INPUT MATERIAL –
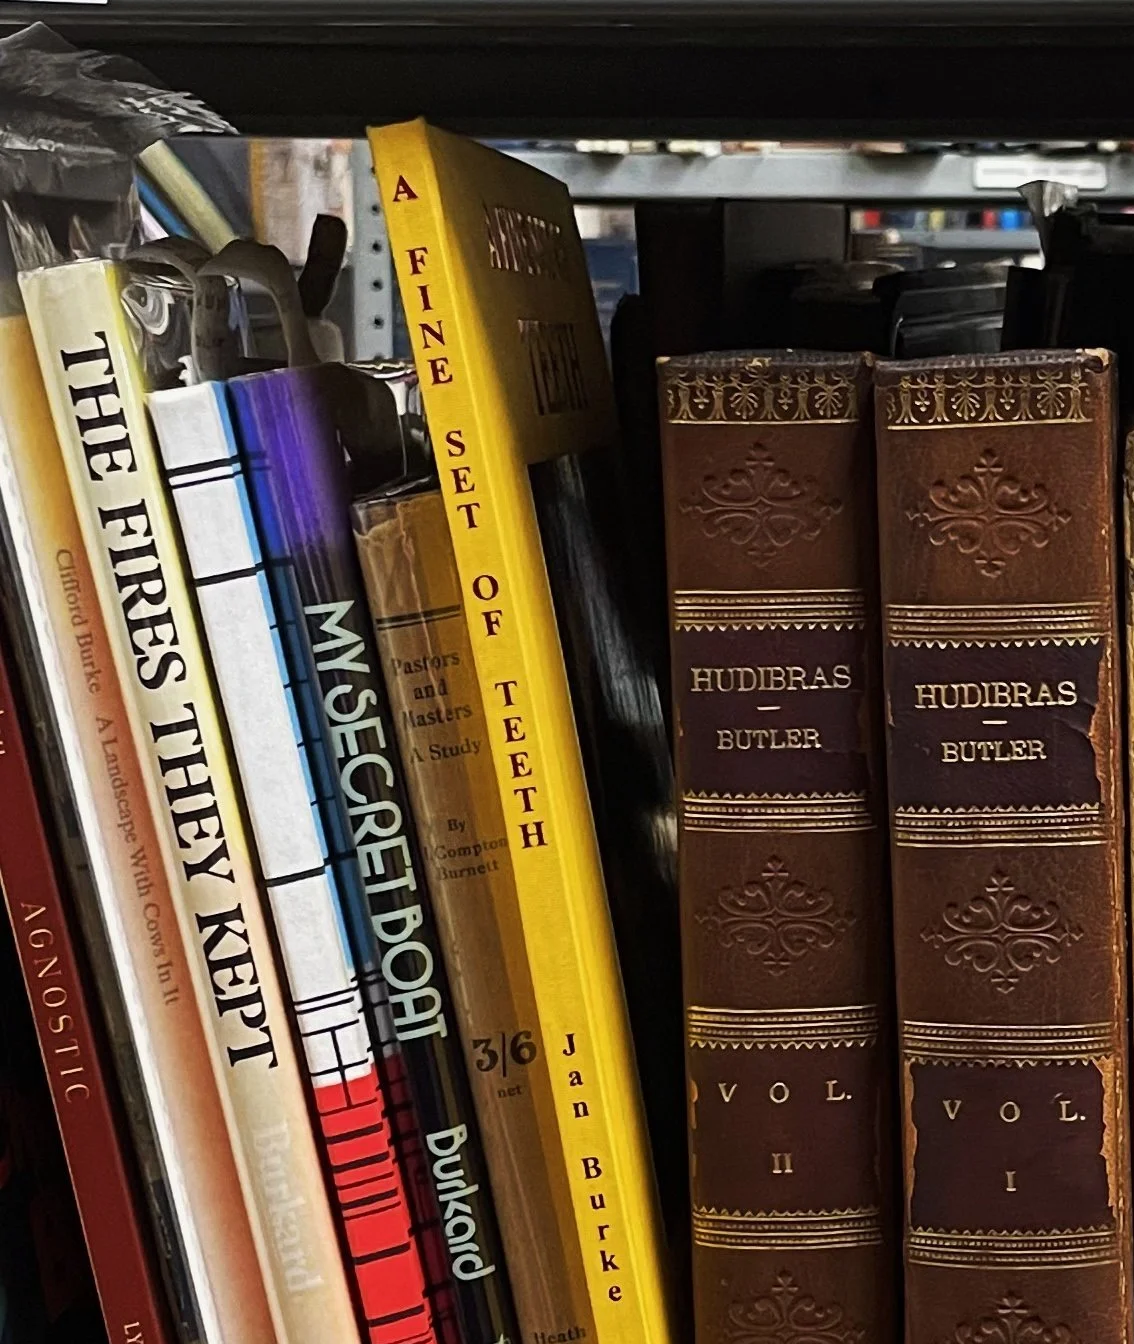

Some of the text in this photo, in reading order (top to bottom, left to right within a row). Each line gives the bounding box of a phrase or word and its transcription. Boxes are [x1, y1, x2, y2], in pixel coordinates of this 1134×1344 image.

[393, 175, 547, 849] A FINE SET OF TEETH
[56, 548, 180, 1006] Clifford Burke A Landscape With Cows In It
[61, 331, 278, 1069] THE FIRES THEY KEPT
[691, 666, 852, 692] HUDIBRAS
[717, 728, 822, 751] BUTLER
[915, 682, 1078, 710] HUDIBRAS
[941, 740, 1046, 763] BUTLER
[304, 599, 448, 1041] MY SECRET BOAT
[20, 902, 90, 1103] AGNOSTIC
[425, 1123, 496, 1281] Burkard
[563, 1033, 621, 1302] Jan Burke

EXERCISE –
Without the pictures, copy the material exactly as given.

ANSWER TO THE PROBLEM –
Some of the text in this photo, in reading order (top to bottom, left to right within a row). Each line gives the bounding box of a phrase or word and its transcription. Boxes are [x1, y1, x2, y2], in pixel coordinates of this 1134×1344 image.

[393, 175, 547, 849] A FINE SET OF TEETH
[56, 548, 180, 1006] Clifford Burke A Landscape With Cows In It
[61, 331, 278, 1069] THE FIRES THEY KEPT
[691, 666, 852, 692] HUDIBRAS
[717, 728, 822, 751] BUTLER
[915, 682, 1078, 710] HUDIBRAS
[941, 740, 1046, 763] BUTLER
[304, 599, 448, 1041] MY SECRET BOAT
[20, 902, 90, 1103] AGNOSTIC
[425, 1123, 496, 1281] Burkard
[563, 1033, 621, 1302] Jan Burke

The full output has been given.